Leck and Ruby hadn’t made too much more progress, fetching against a sealed door leading in from the helipad to a—hopefully—drier interior of the complex. The complex itself? Just like the schematics promised. Low-slung. Featureless. The helipad had this one access door leading to the interior, and an external ramp leading up from the road access below. That road access would be filling with Reed troops in less time than it took to brew a good mocha, so time was of the essence. “What’s the hold up?”
“Door’s locked,” said Ruby, leaning against a wet wall without seeming to care whether the door was locked, the fact that she was wet, or that it was dark. Possibly she’d lost touch with her humanity a ways back.

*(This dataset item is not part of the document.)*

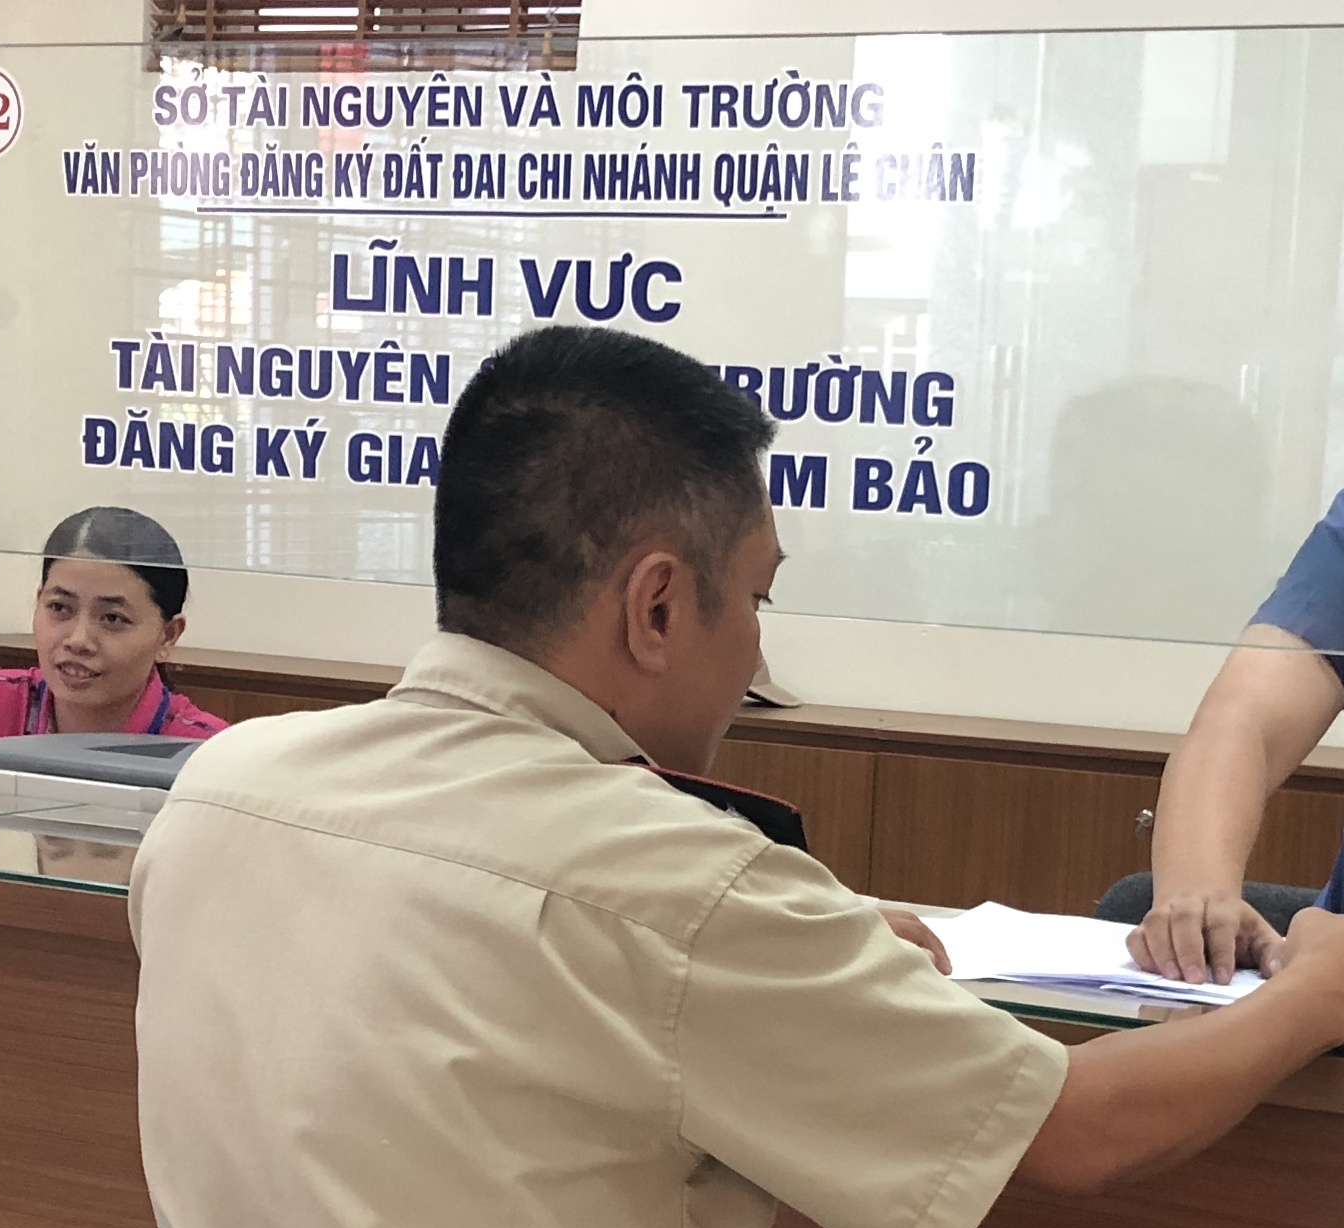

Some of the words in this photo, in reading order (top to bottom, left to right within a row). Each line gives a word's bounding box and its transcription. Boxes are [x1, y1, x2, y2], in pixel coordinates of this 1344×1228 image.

“Let me get that,” said Olivia, unslinging her deck. Rain spattered against the screen and keyboard as she pulled an optic cable, jacking in to a small maintenance port under the door’s console. Austin took a little professional interest as she started slicing the door crypto. He’d dabbled with a deck in his time, and while he was never destined for greatness he knew what good looked like. Olivia appeared to be exactly that: good. Capable. Knew which end was black ice, likely to fry your deck and possibly your link and brain with it, and which was pure powder, soft snow that would yield secrets. She worked fast, programs spinning across the screen in rapid succession.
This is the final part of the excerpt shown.